#### Work to complete:
Reproduce the records word for word, apart from the images they contain.

#### Supplied data:
════════════════════

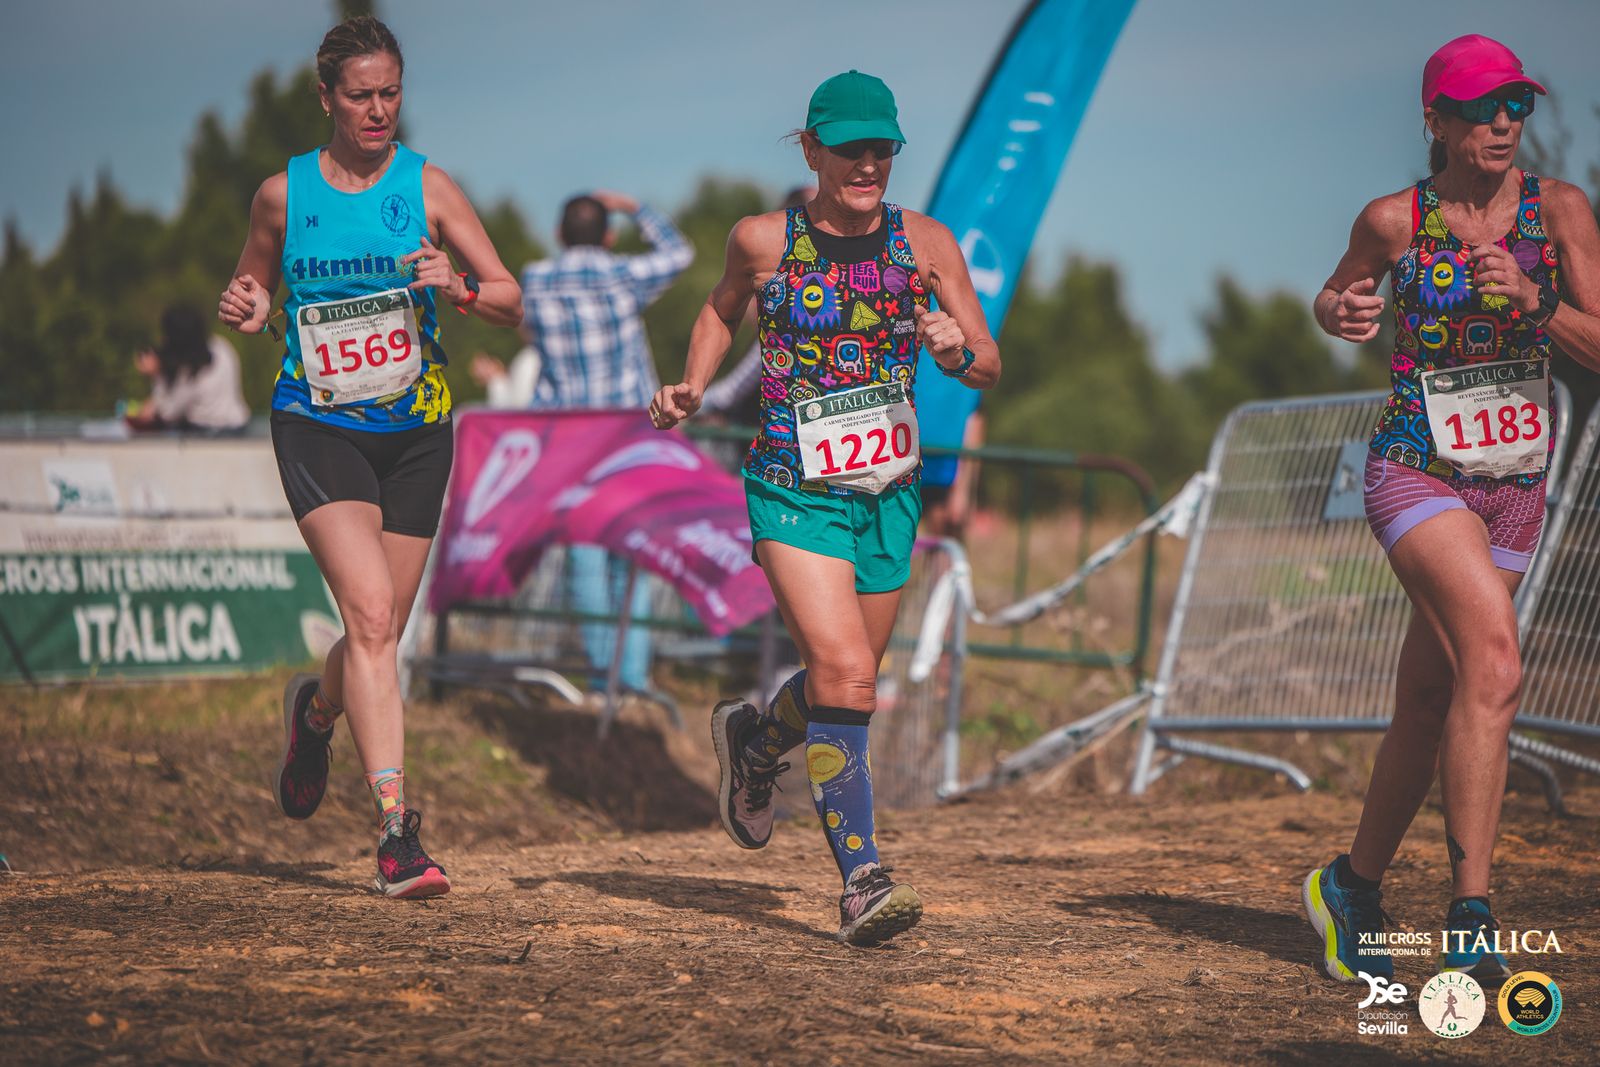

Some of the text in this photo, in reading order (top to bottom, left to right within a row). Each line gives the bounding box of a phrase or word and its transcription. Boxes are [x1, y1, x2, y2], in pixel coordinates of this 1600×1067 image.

[853, 276, 877, 289] RUN
[327, 300, 381, 319] ITÁLICA
[315, 329, 411, 377] 1569
[1461, 367, 1516, 386] ITÁLICA
[830, 392, 882, 411] ITÁLICA
[824, 418, 846, 427] CARMEN
[847, 413, 871, 423] DELGADO
[841, 417, 881, 428] INDEPENDIENTE
[1445, 402, 1542, 450] 1183
[815, 423, 912, 475] 1220
[81, 553, 297, 593] INTERNACIONAL
[73, 592, 243, 664] ITÁLICA
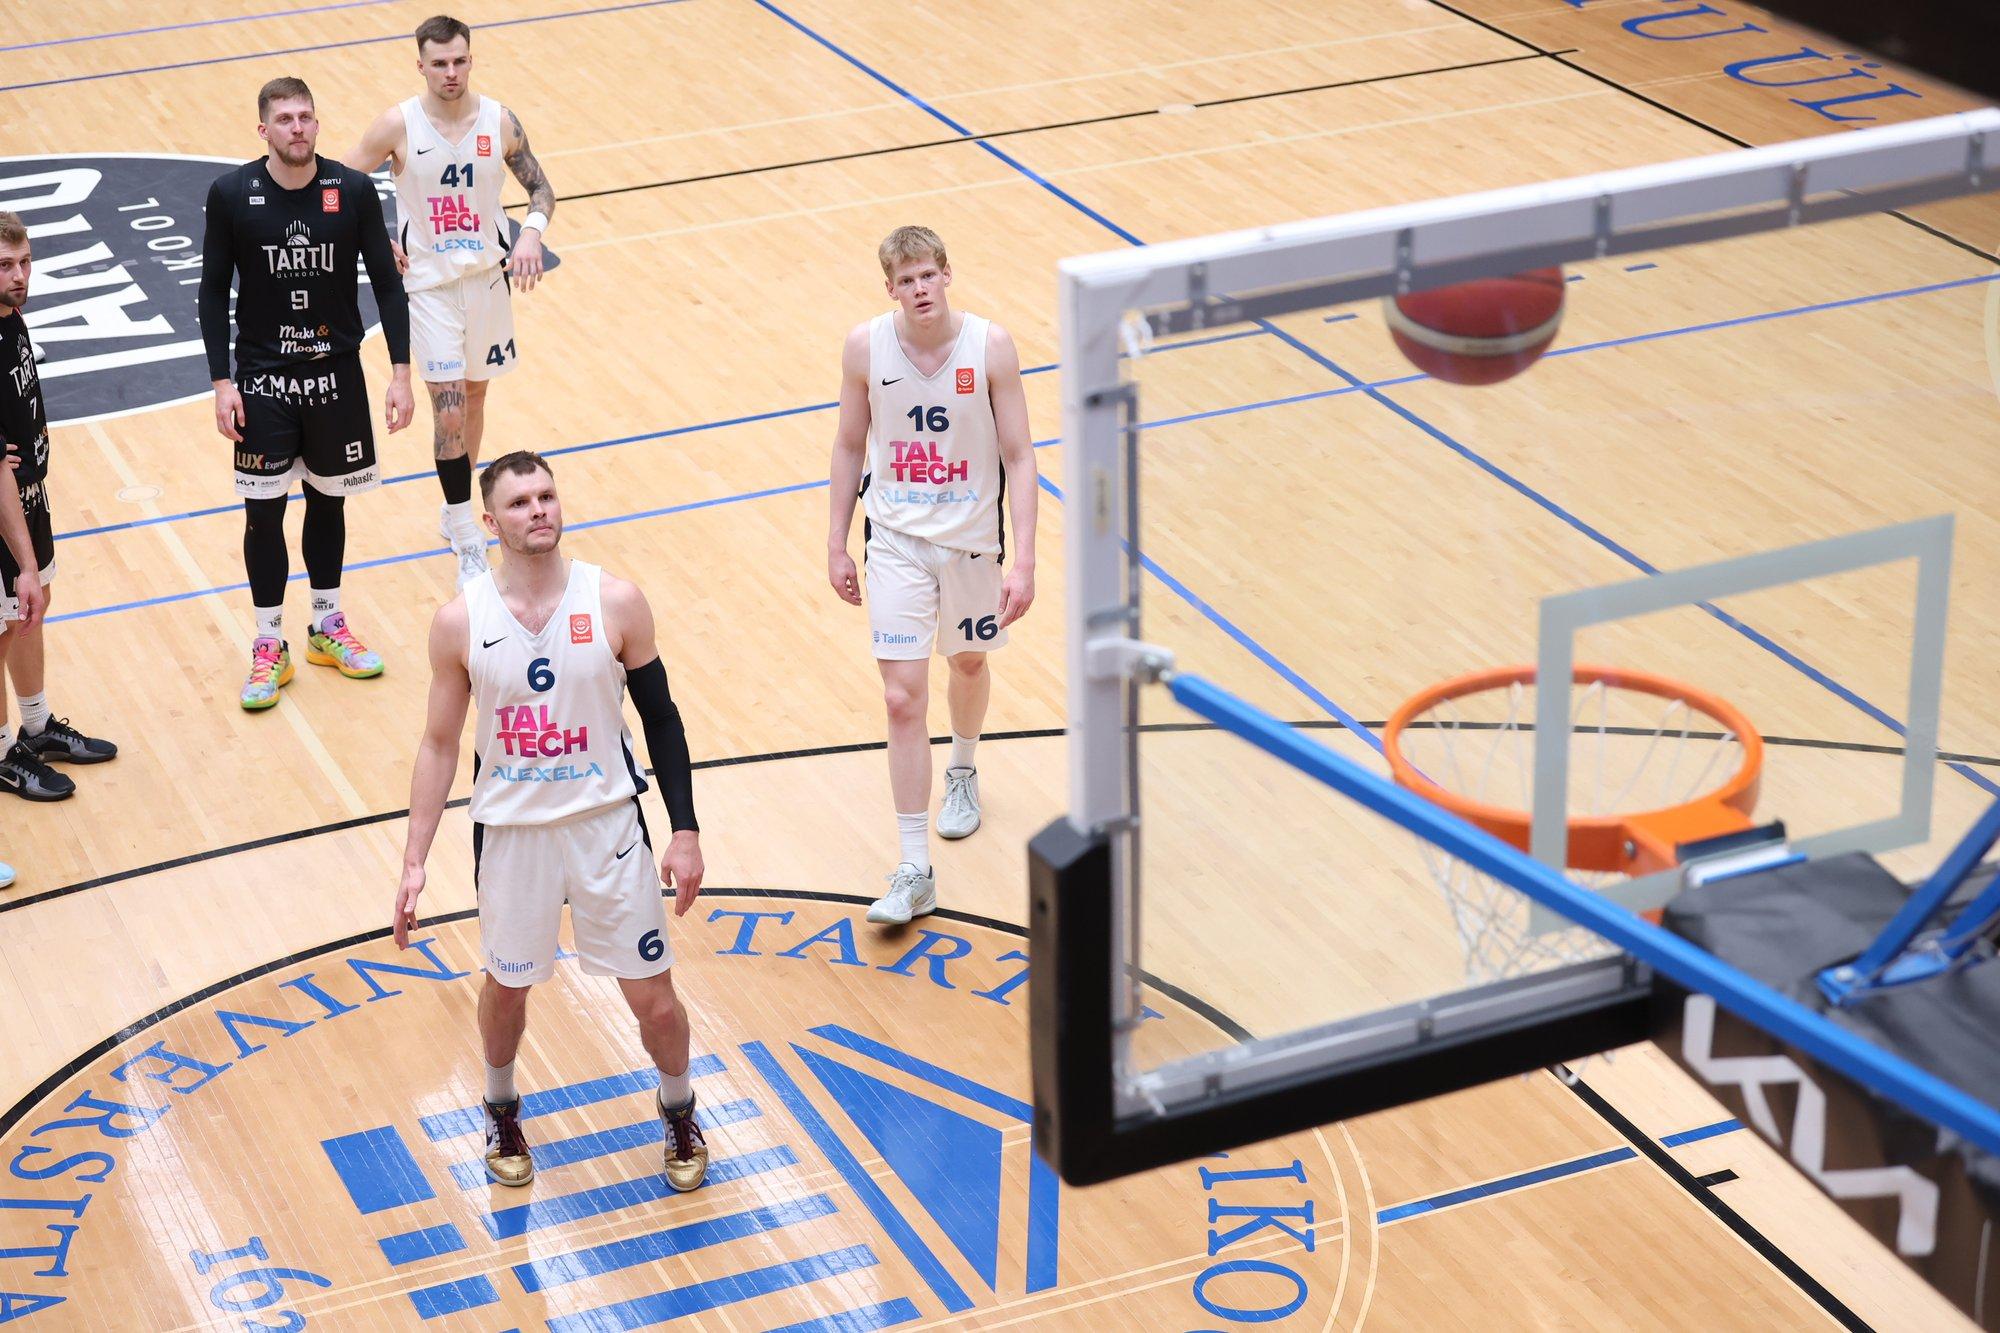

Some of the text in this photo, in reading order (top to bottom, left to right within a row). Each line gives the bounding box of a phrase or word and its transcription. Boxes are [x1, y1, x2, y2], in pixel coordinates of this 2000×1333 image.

[440, 163, 474, 188] 41
[427, 194, 470, 216] TAL
[432, 238, 485, 253] LEXEL
[261, 243, 335, 275] TARTU
[279, 325, 329, 340] Maks &
[280, 340, 331, 355] Moorits
[486, 338, 516, 366] 41
[269, 372, 337, 397] MAPRI
[30, 396, 37, 420] 7
[275, 391, 339, 407] ehitus
[907, 405, 950, 432] 16
[236, 451, 289, 470] LUX Express
[889, 441, 944, 463] TAL
[890, 460, 968, 485] TECH
[882, 633, 917, 644] Tallinn
[957, 614, 998, 641] 16
[527, 657, 555, 693] 6
[495, 704, 558, 732] TAL
[496, 726, 589, 759] TECH
[490, 761, 604, 783] ALEXELA
[637, 929, 664, 962] 6
[495, 957, 534, 973] Tallinn

════════════════════

#### Result of the task:
Some of the text in this photo, in reading order (top to bottom, left to right within a row). Each line gives the bounding box of a phrase or word and its transcription. Boxes are [x1, y1, x2, y2], in pixel coordinates of this 1600×1067 image.

[853, 276, 877, 289] RUN
[327, 300, 381, 319] ITÁLICA
[315, 329, 411, 377] 1569
[1461, 367, 1516, 386] ITÁLICA
[830, 392, 882, 411] ITÁLICA
[824, 418, 846, 427] CARMEN
[847, 413, 871, 423] DELGADO
[841, 417, 881, 428] INDEPENDIENTE
[1445, 402, 1542, 450] 1183
[815, 423, 912, 475] 1220
[81, 553, 297, 593] INTERNACIONAL
[73, 592, 243, 664] ITÁLICA

Some of the text in this photo, in reading order (top to bottom, left to right within a row). Each line gives the bounding box of a phrase or word and its transcription. Boxes are [x1, y1, x2, y2], in pixel coordinates of this 2000×1333 image.

[440, 163, 474, 188] 41
[427, 194, 470, 216] TAL
[432, 238, 485, 253] LEXEL
[261, 243, 335, 275] TARTU
[279, 325, 329, 340] Maks &
[280, 340, 331, 355] Moorits
[486, 338, 516, 366] 41
[269, 372, 337, 397] MAPRI
[30, 396, 37, 420] 7
[275, 391, 339, 407] ehitus
[907, 405, 950, 432] 16
[236, 451, 289, 470] LUX Express
[889, 441, 944, 463] TAL
[890, 460, 968, 485] TECH
[882, 633, 917, 644] Tallinn
[957, 614, 998, 641] 16
[527, 657, 555, 693] 6
[495, 704, 558, 732] TAL
[496, 726, 589, 759] TECH
[490, 761, 604, 783] ALEXELA
[637, 929, 664, 962] 6
[495, 957, 534, 973] Tallinn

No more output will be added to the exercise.